Here's what they did: in five chimps and five humans, the researchers isolated four different tissues and measured the expression levels (using a tiling array) of a number of overlapping 25-bp segments in the ENCODE regions. These segments could then be divided into genic (i.e. protein coding) and intergenic regions.

There are a number of ways these data can be looked at to determine whether the expression of different classes of sequence is functional. First, for a given tissue, one can determine the overlap between the probes expressed in chimpanzees and humans. If the percentage overlap in genic and intergenic regions is the same, that would support the hypothesis that the intergenic regions are acting similarly, in an evolutionary sense, to genic regions, and are possibly functional.
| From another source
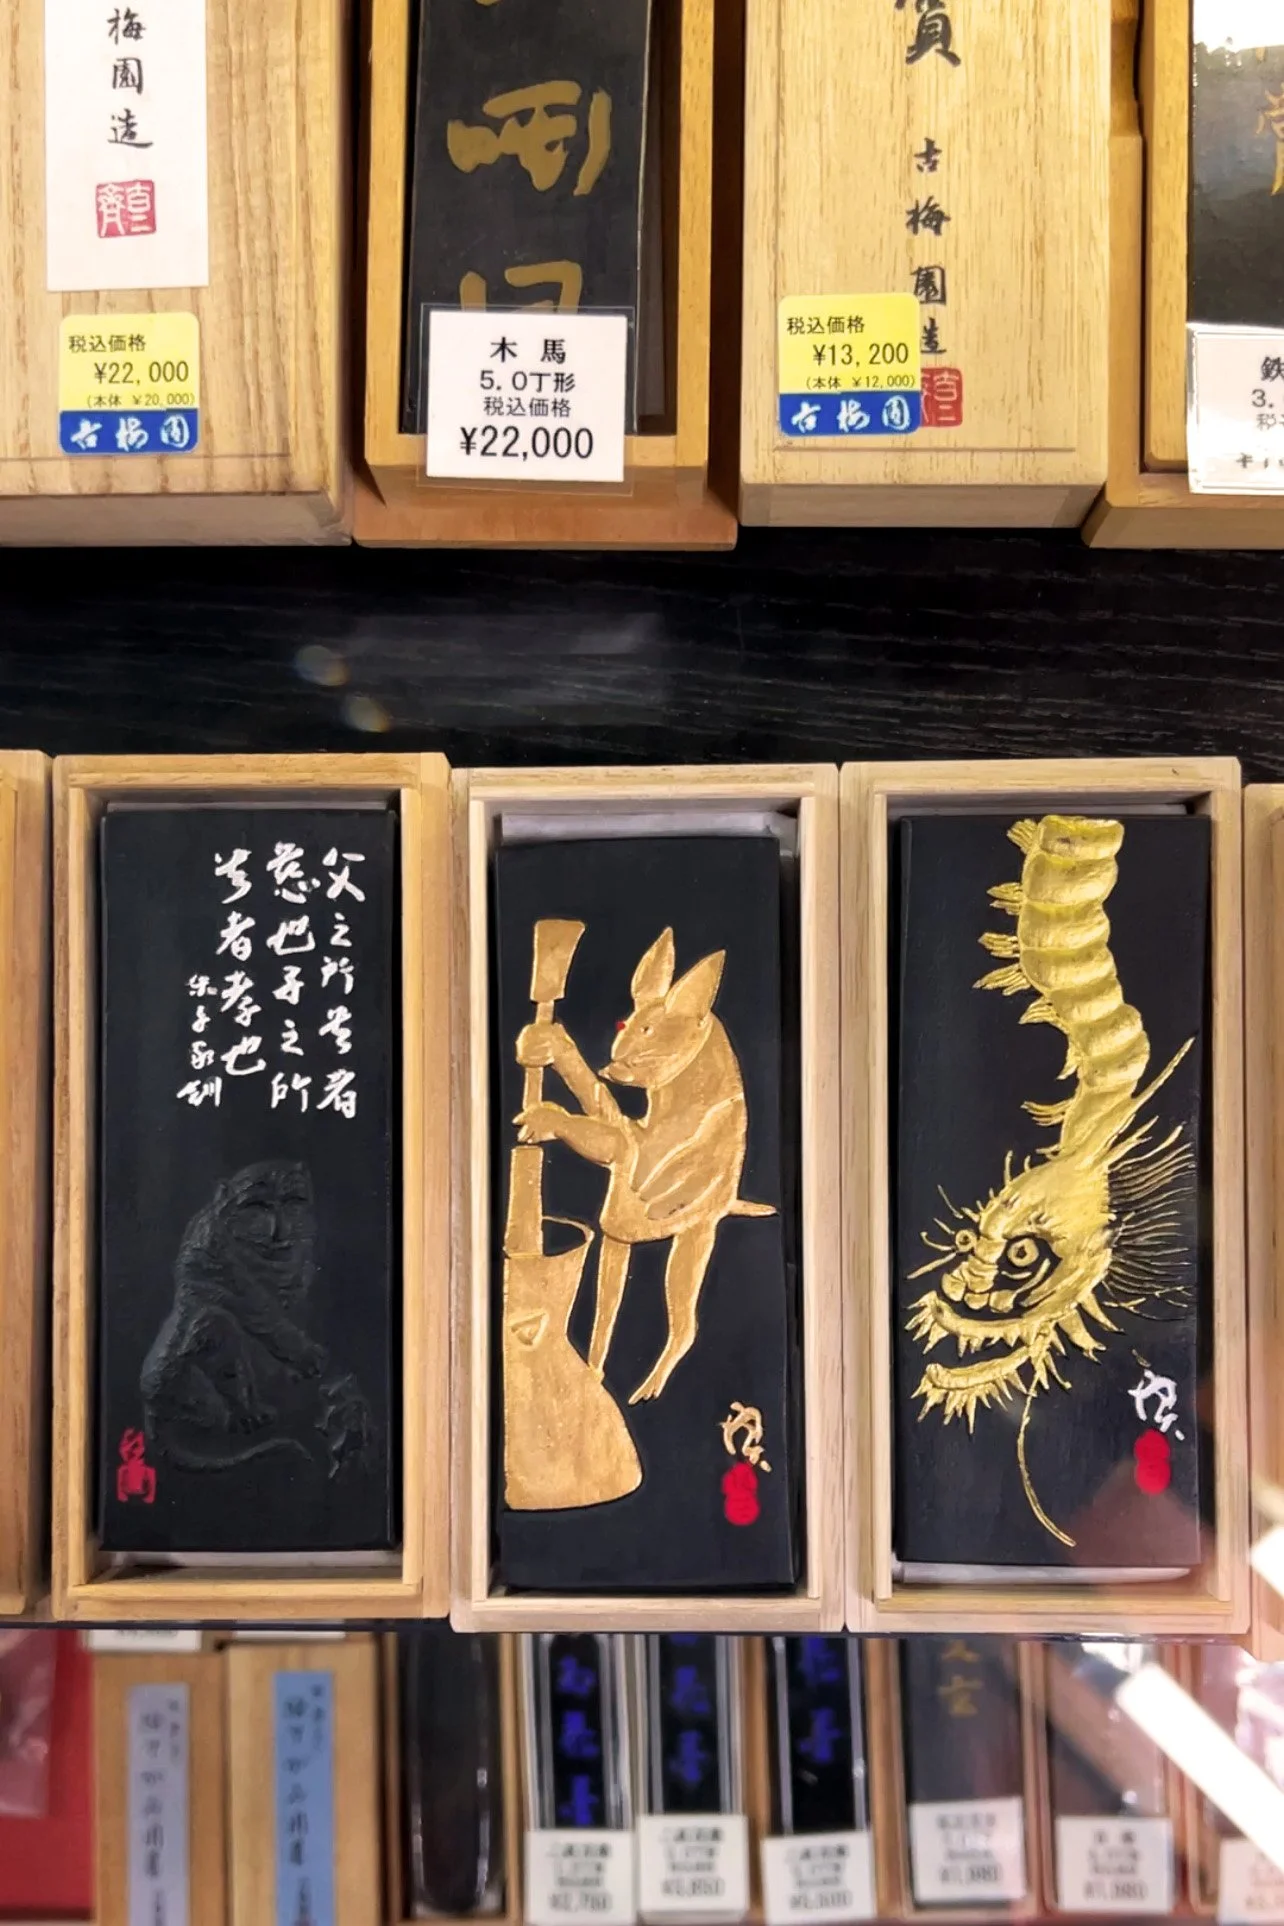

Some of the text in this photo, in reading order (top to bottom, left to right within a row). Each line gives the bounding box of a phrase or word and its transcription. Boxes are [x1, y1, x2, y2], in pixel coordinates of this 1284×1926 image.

Further, previous studies have shown that gene expression in the brain is highly conserved between humans and chimps, implying negative selection, while gene expression in the testis is highly diverged, implying positive selection. If intergenic probes show the same pattern, it would suggest that the same forces are acting on intergenic transcription. And as natural selection is not expected to play a role in determining the expression of non-functional transcripts, this would then suggest the intergenic transcription is functional.

On doing both of these tests, the authors found that intergenic transcription does indeed behave like genic transcription, giving strong support for the functionality of these transcripts. Previously, gc has raised the point that expression is a continuous, rather then a binary, variable, and indeed, among the top 5% of expressed probes, there are many more genic regions, but apart from that, the raw number of genic and non-genic probes expressed at a given intensity seem pretty similar (leading to an overrepresentation of genic regions, but still...). In my opinion, this paper gives hope to those who think that the "dark matter" of the genome plays an important role in phenotypes and that leaky transcription isn't going to be the dominant story coming out of the ENCODE data.